Il commence en se fabriquant ses propres instruments. « Dans le milieu d’où je viens, pauvre, on n’avait pas les moyens d’acheter des instruments où des objets de valeur, donc souvent le plan D était de nous les construire ! Je me suis ainsi construit mon premier accordéon à 13 ans, avec l’aide d’un oncle bricoleur ! » S’esclaffe-t-il, en tapant ses deux mains, suscitant quelques sourires amusés dans l’assistance du bar.
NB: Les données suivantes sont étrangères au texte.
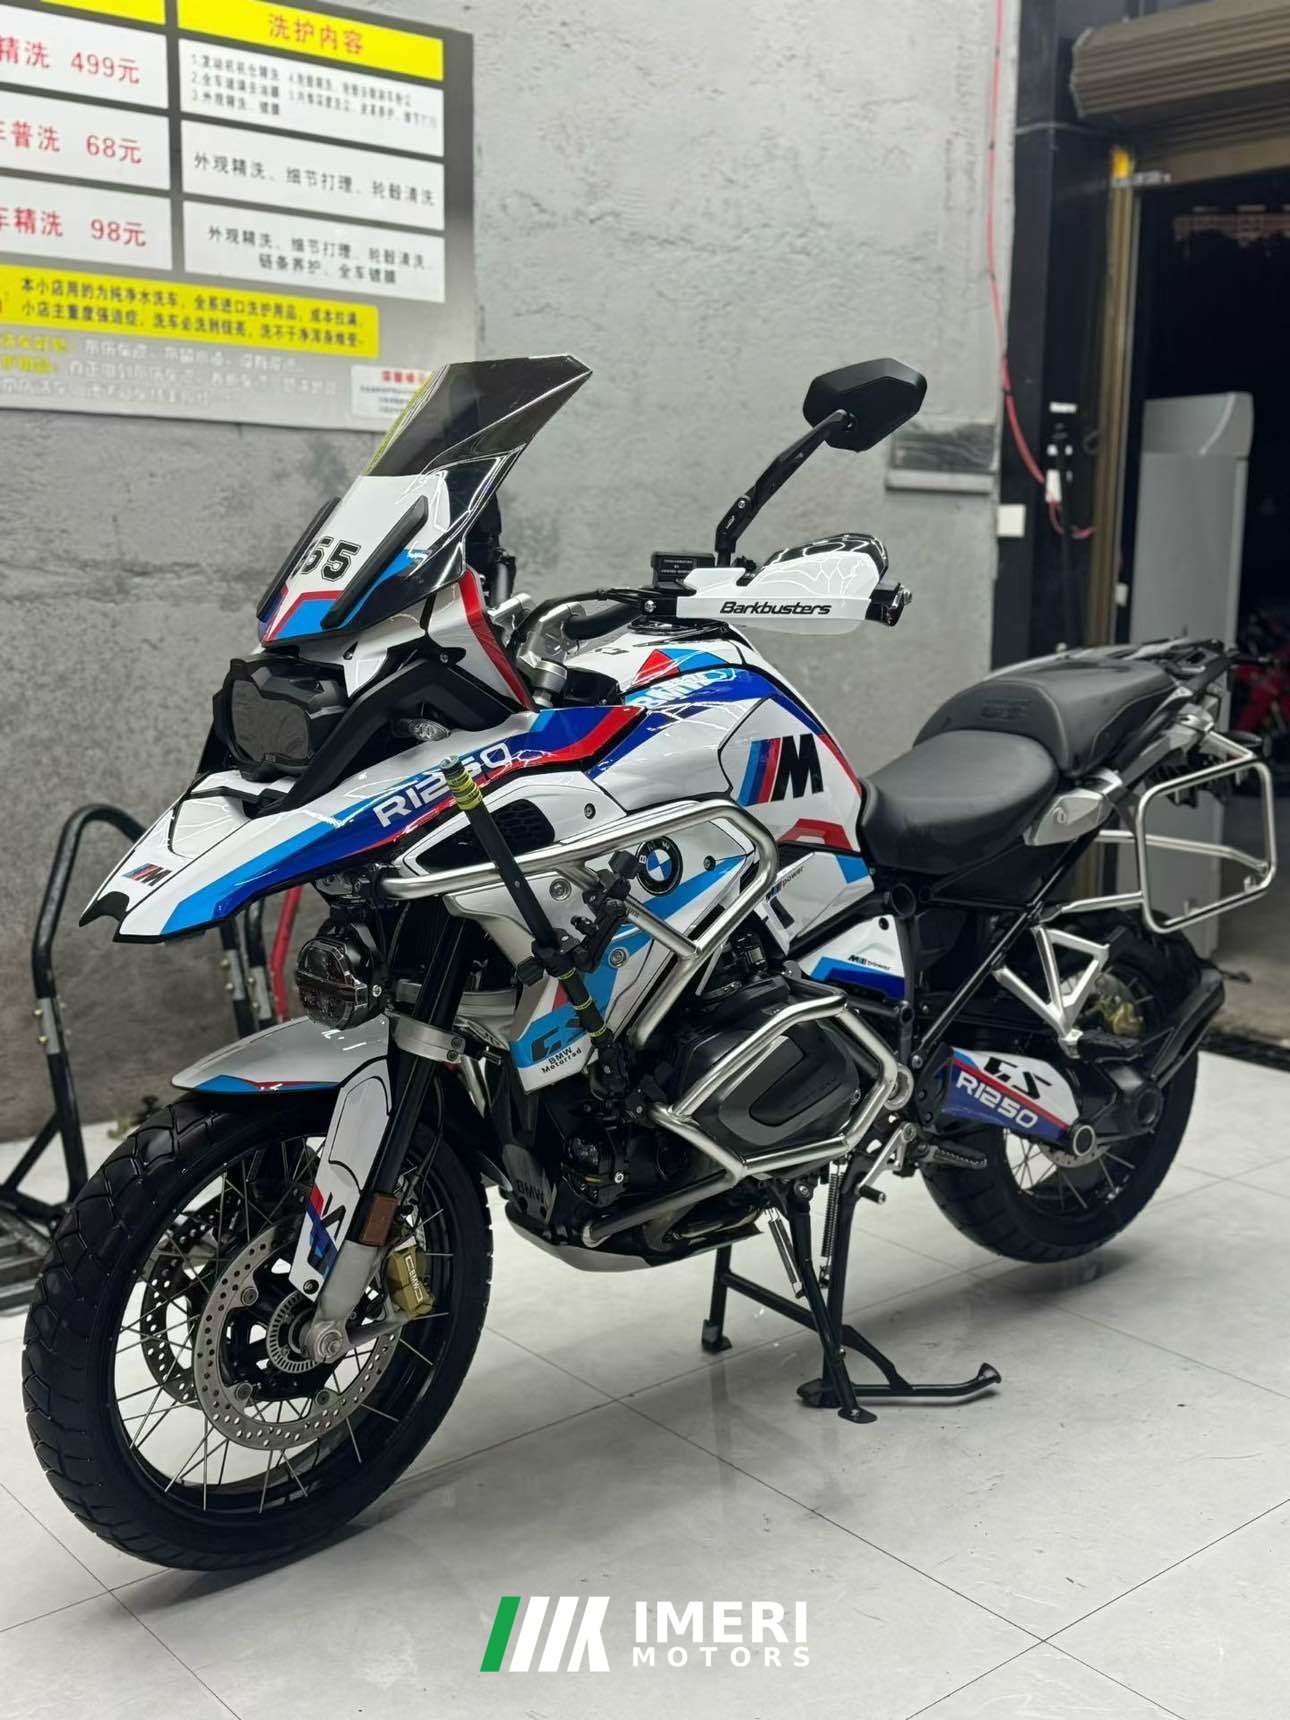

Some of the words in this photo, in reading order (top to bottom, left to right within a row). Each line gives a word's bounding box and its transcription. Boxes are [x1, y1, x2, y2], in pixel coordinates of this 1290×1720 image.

Le plus dur dans cet élan de projets spontanés, suscités comme des bulles de savons, et qui peuvent éclater tout aussi vite, demeure pour Belmond Ndjike la « promotion des albums ». « C’est difficile de rentrer dans les circuits culturels des médias, ou de faire des rencontres dans ce sens ; du coup on écoule essentiellement mes albums main à la main, à travers des rencontres, dans les endroits visités et fréquentés » regrette l’artiste qui a déjà deux albums à son actif, et qui espère "pourquoi pas, se produire un jour, bientôt en Mauritanie!".